The Other Side of Great Speaking: Learning to Elaborate
When people come to me for speaking coaching, the most common request is this:
“Help me stop rambling.”
And yes — being concise matters.
But there’s another problem I see just as often.
Speakers who don’t know how to elaborate.
They make a point… and stop.
They lose their place… and freeze.
They get asked, “Can you say more about that?” — and they don’t know how.
In business speaking, executive presentation coaching, and AEC presentation skills, the ability to elaborate is just as important as the ability to be concise.
Why Elaboration Matters
Elaboration is what keeps your message alive.
It allows you to:
- Expand on ideas naturally
- Recover when you lose your place
- Respond to questions with confidence
- Stay connected to your audience
In leadership presence coaching and group presentation coaching, this flexibility is what separates rigid speakers from engaging ones.
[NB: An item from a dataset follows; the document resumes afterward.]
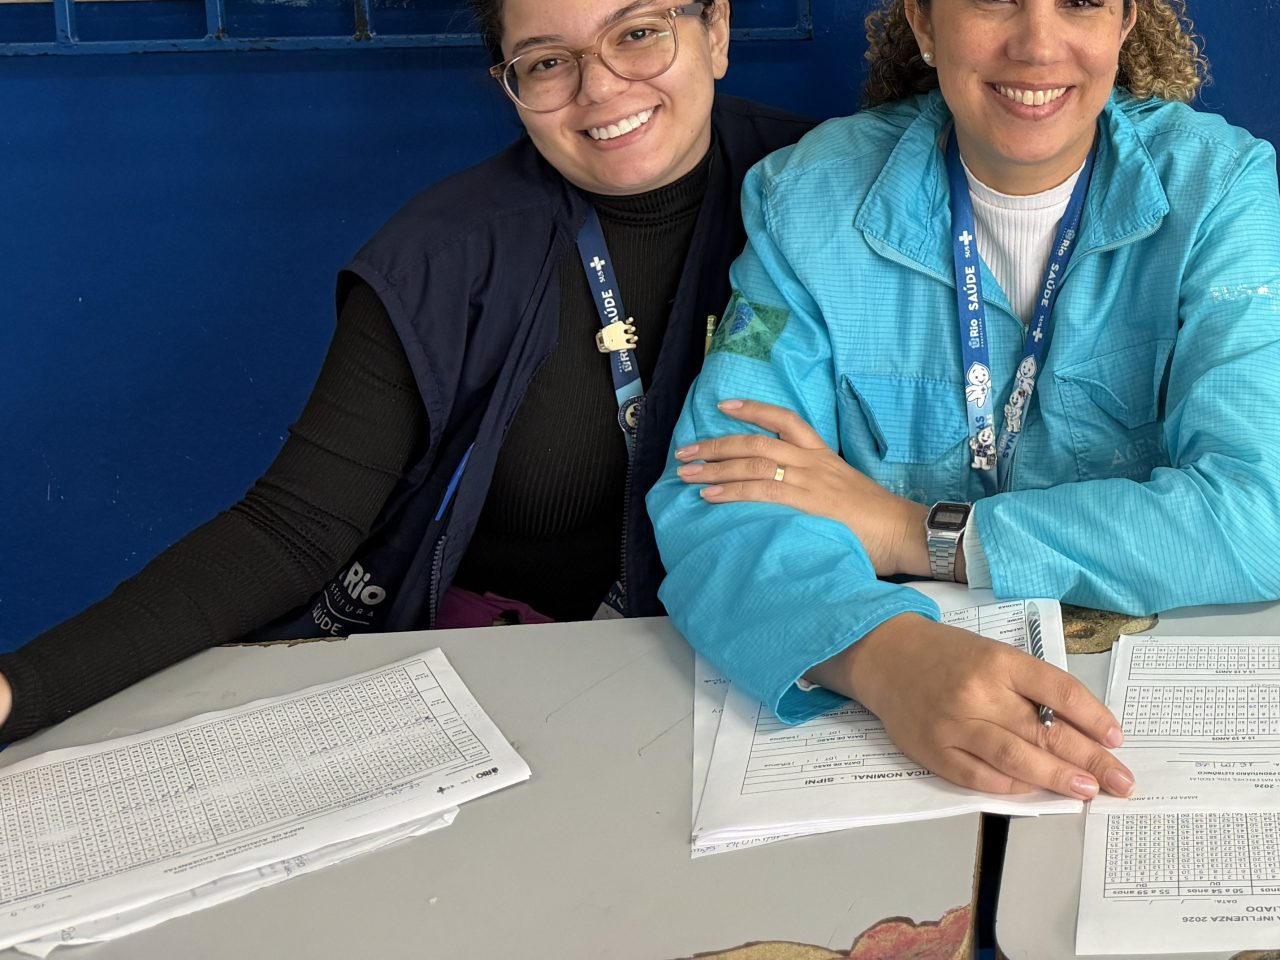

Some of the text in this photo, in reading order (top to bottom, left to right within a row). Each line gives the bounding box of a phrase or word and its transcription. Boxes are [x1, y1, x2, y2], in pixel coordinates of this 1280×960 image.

The Hidden Skill: Listening Inward
To elaborate well, you need to develop a specific skill:
Listening to your own thinking in real time.
Your brain is constantly generating ideas — connections, images, associations.
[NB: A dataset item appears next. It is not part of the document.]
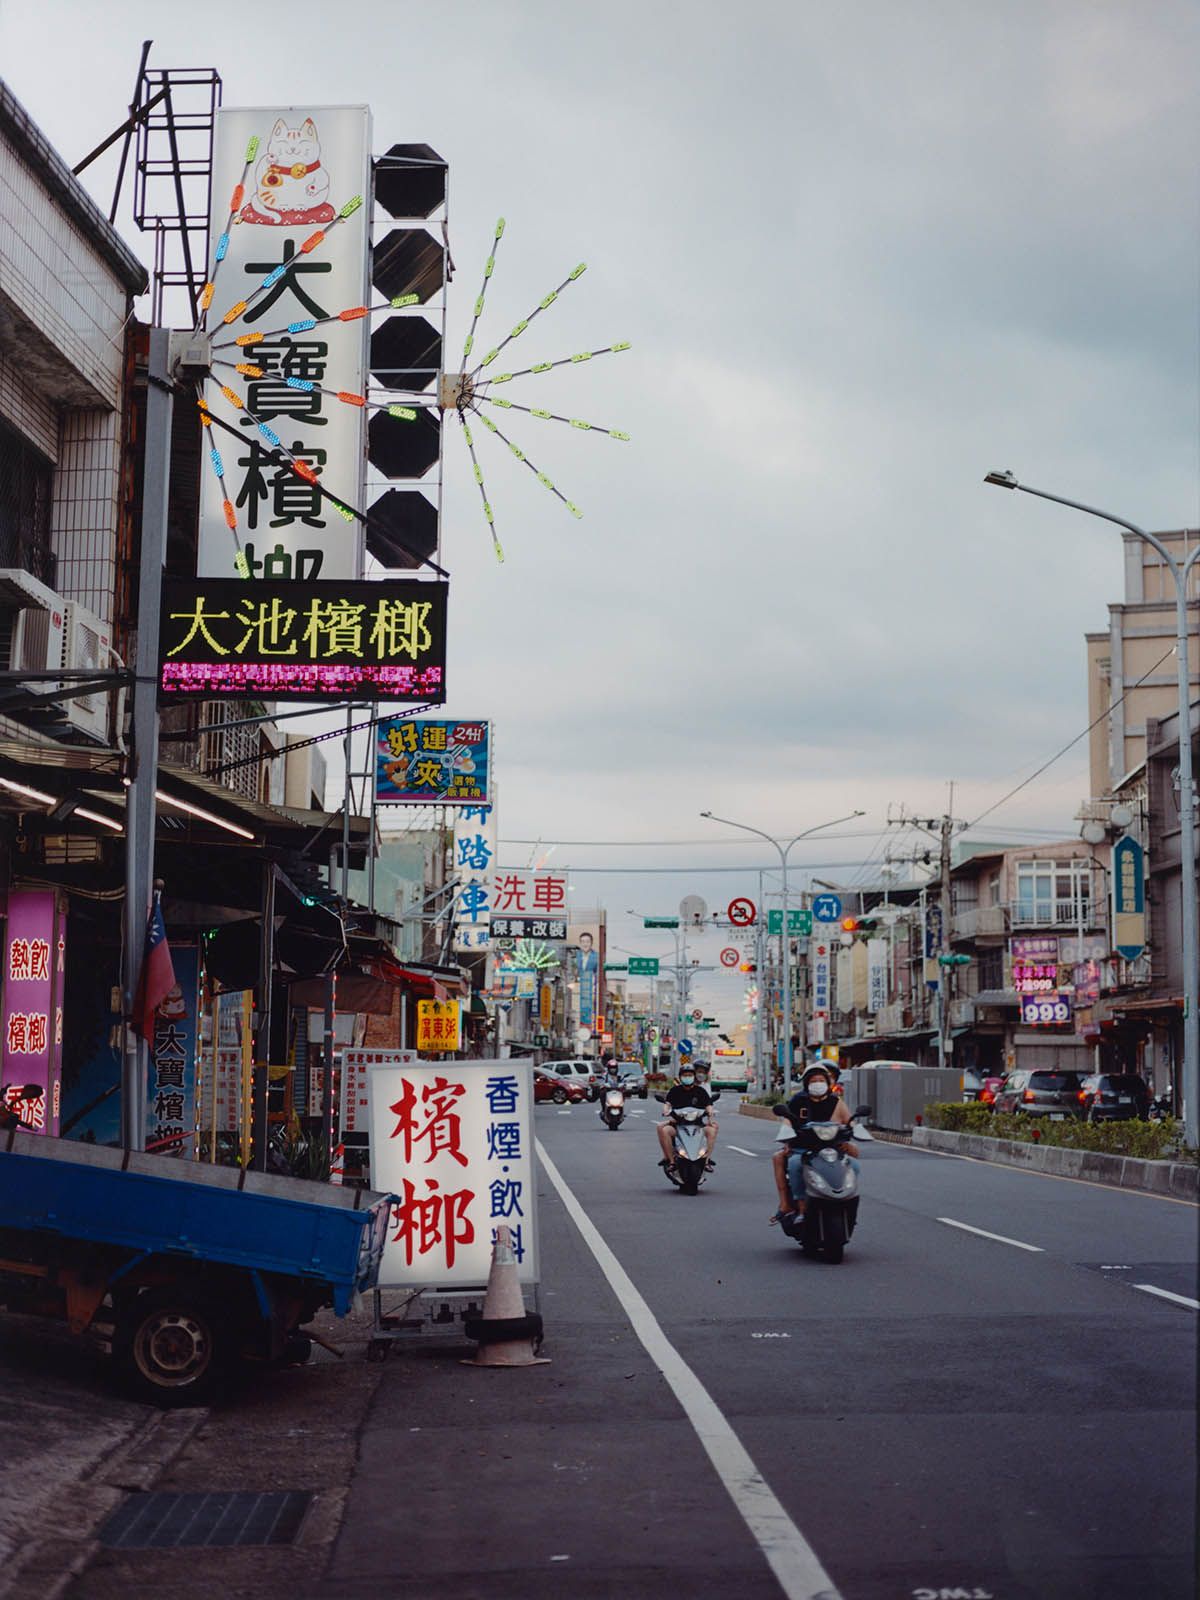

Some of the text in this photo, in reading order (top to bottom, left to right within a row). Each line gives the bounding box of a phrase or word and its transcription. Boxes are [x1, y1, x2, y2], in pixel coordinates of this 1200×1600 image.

Most of them happen just below your conscious awareness.
The skill is to:
- Notice those ideas
- Grab them quickly
- Turn them into words
In confident presence and interview skills training for professionals, this ability allows you to keep moving, even when things don’t go exactly as planned.
A Simple (and Slightly Uncomfortable) Practice
Here’s a practice to build that skill:
Talk continuously for a set period of time — without stopping.
Follow whatever ideas come to mind.
Let your thoughts wander.
Don’t worry about structure or perfection.
Just keep going.
It might feel awkward.
It might feel messy.
That’s okay.
In executive presence coaching and business development communication training, this kind of practice builds real-time thinking and adaptability.
What You’re Actually Training
This exercise isn’t about creating great content.
It’s about training your brain to:
- Surface ideas more quickly
- Trust your internal impulses
- Stay in motion while speaking
Think of it as strengthening your ability to improvise.
Because in real-world situations — presentations, sales conversations, shortlist interviews — things don’t always go according to plan.
And when they don’t, you need to be able to keep going.
From Practice to Performance
When you develop this skill, something shifts.
You stop fearing the moment when you lose your place.
You stop worrying about unexpected questions.
You trust that you can keep the conversation alive.
In sales pitch coaching, networking coaching, and AEC interview preparation, that confidence is a game changer.
Balance Concision and Elaboration
Great communicators do both.
They know when to be concise.
And they know how to elaborate.
They can land a point clearly — and then expand it when needed.
That balance creates communication that is both clear and dynamic.
Give It a Try
You don’t have to start with hours of practice.
Try it for 10 minutes.
Maybe while you’re driving. Maybe when you’re alone.
Just keep talking.
Follow your thoughts.
And see what happens.
Because the more you practice hearing and expressing those internal ideas, the more naturally you’ll be able to elaborate when it matters most.